— Problem to work on —
Images do not belong in the copy. Set down all the entries exactly.

(Spatial localization data)
※ ※ ※
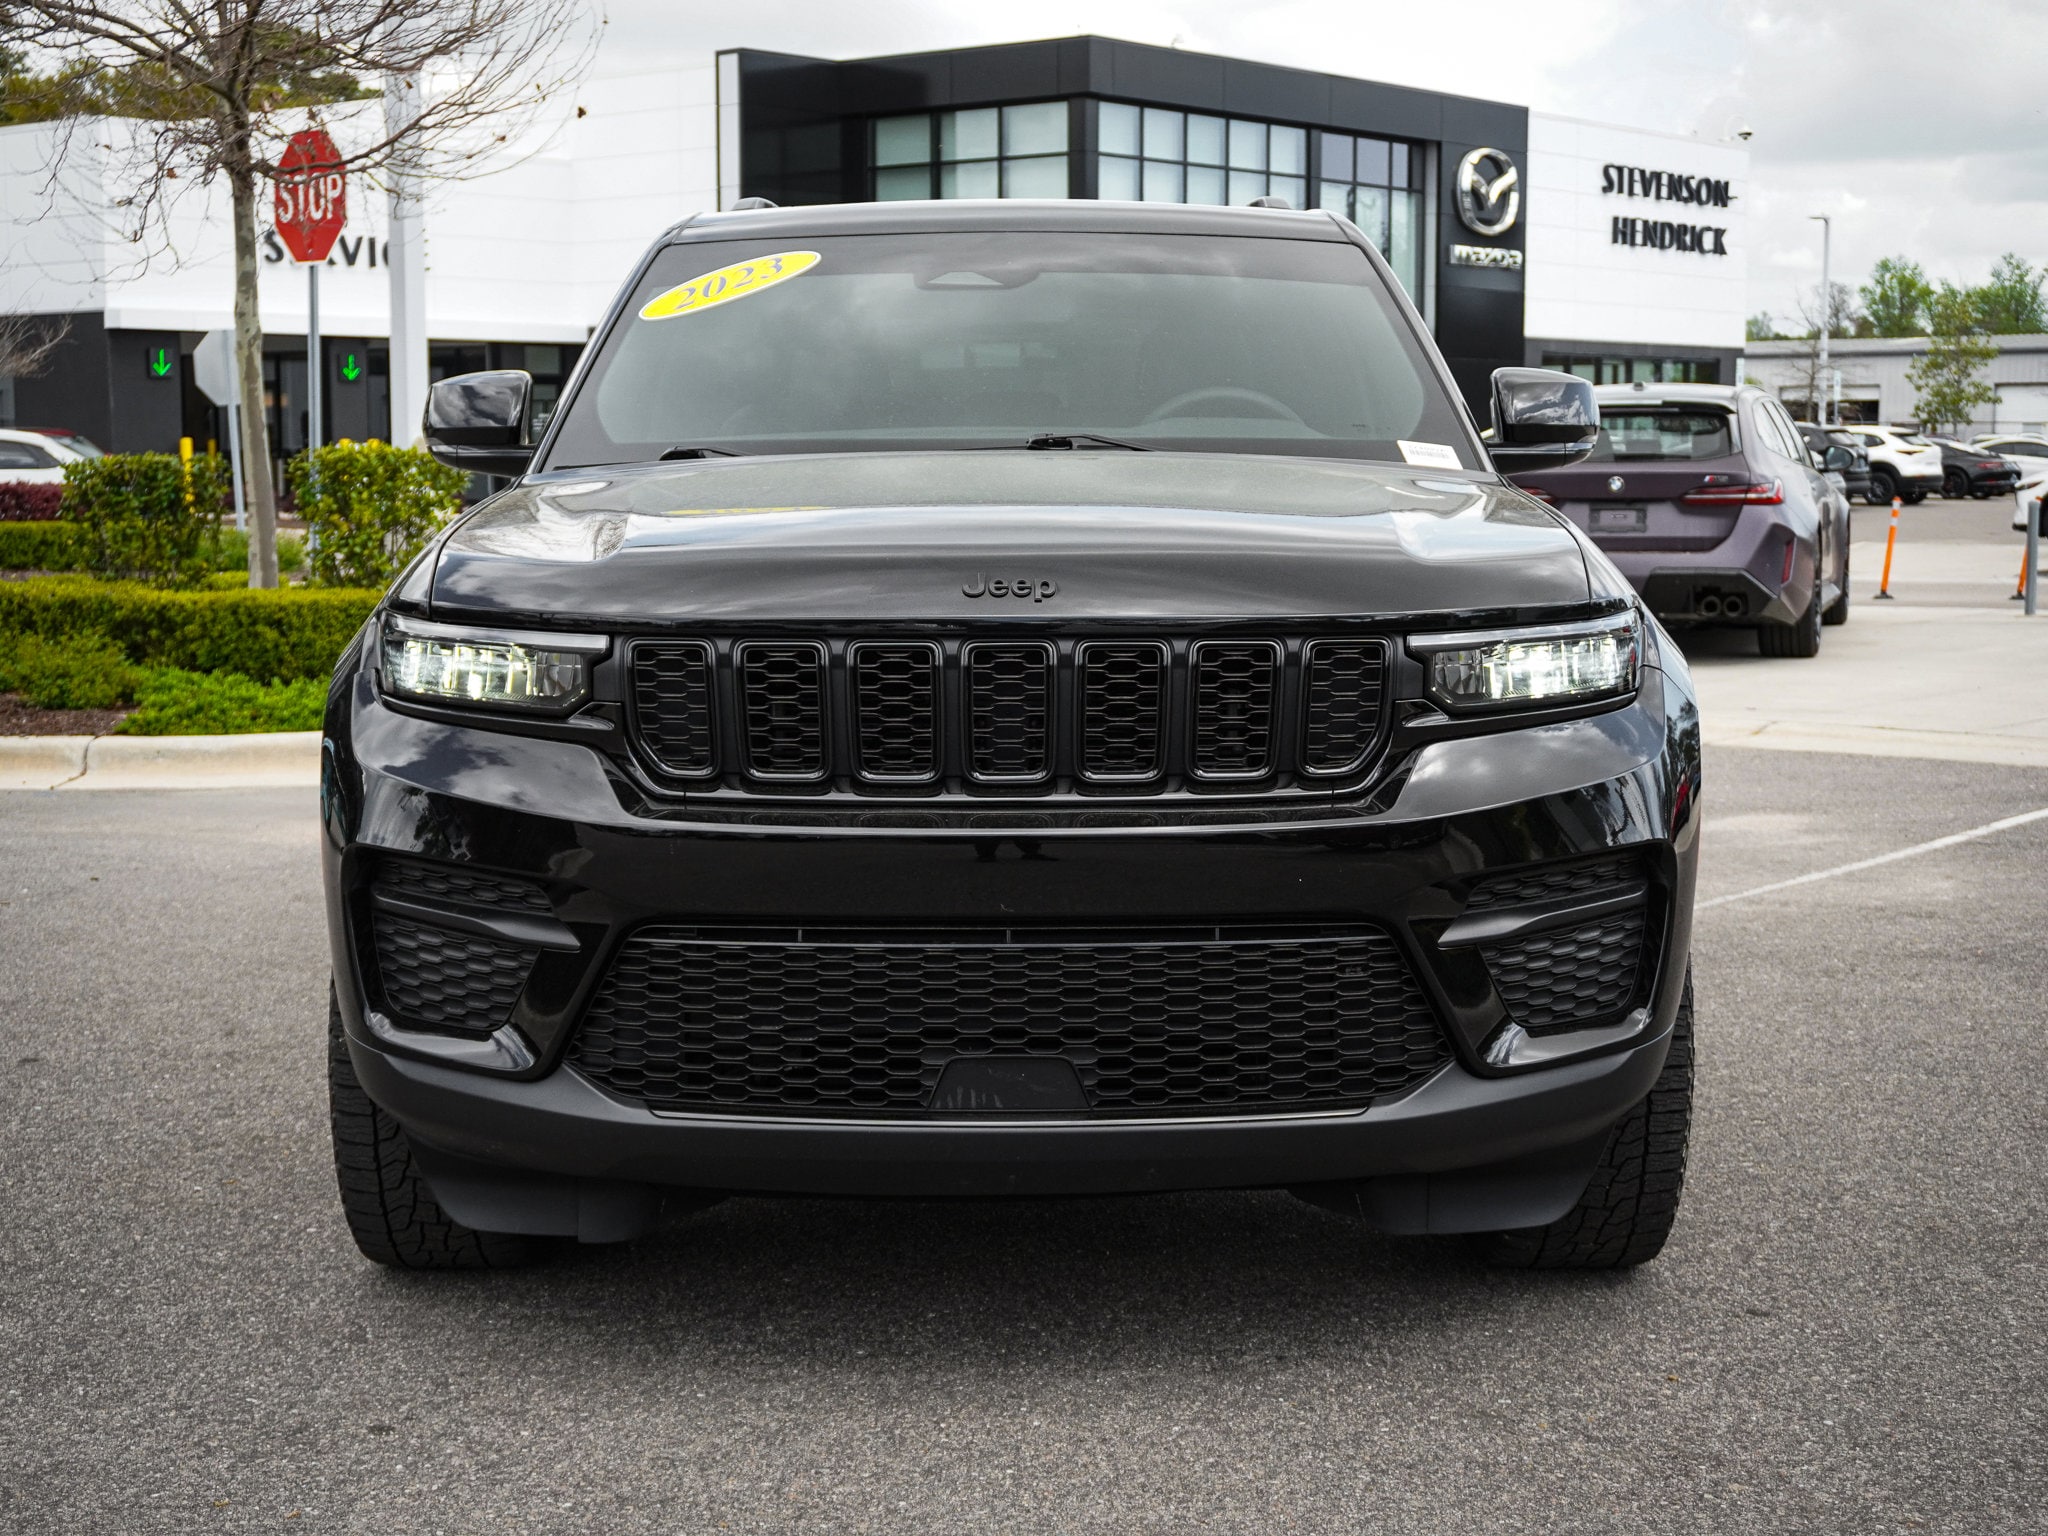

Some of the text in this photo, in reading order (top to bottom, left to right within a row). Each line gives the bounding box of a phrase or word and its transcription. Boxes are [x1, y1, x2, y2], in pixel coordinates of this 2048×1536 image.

[277, 172, 343, 223] STOP
[1611, 216, 1728, 255] HENDRICK
[674, 256, 783, 310] 2023
[961, 571, 1057, 603] Jeep
※ ※ ※
— Answer to this problem —
Some of the text in this photo, in reading order (top to bottom, left to right within a row). Each line gives the bounding box of a phrase or word and its transcription. Boxes are [x1, y1, x2, y2], in pixel coordinates of this 2048×1536 image.

[277, 172, 343, 223] STOP
[1611, 216, 1728, 255] HENDRICK
[674, 256, 783, 310] 2023
[961, 571, 1057, 603] Jeep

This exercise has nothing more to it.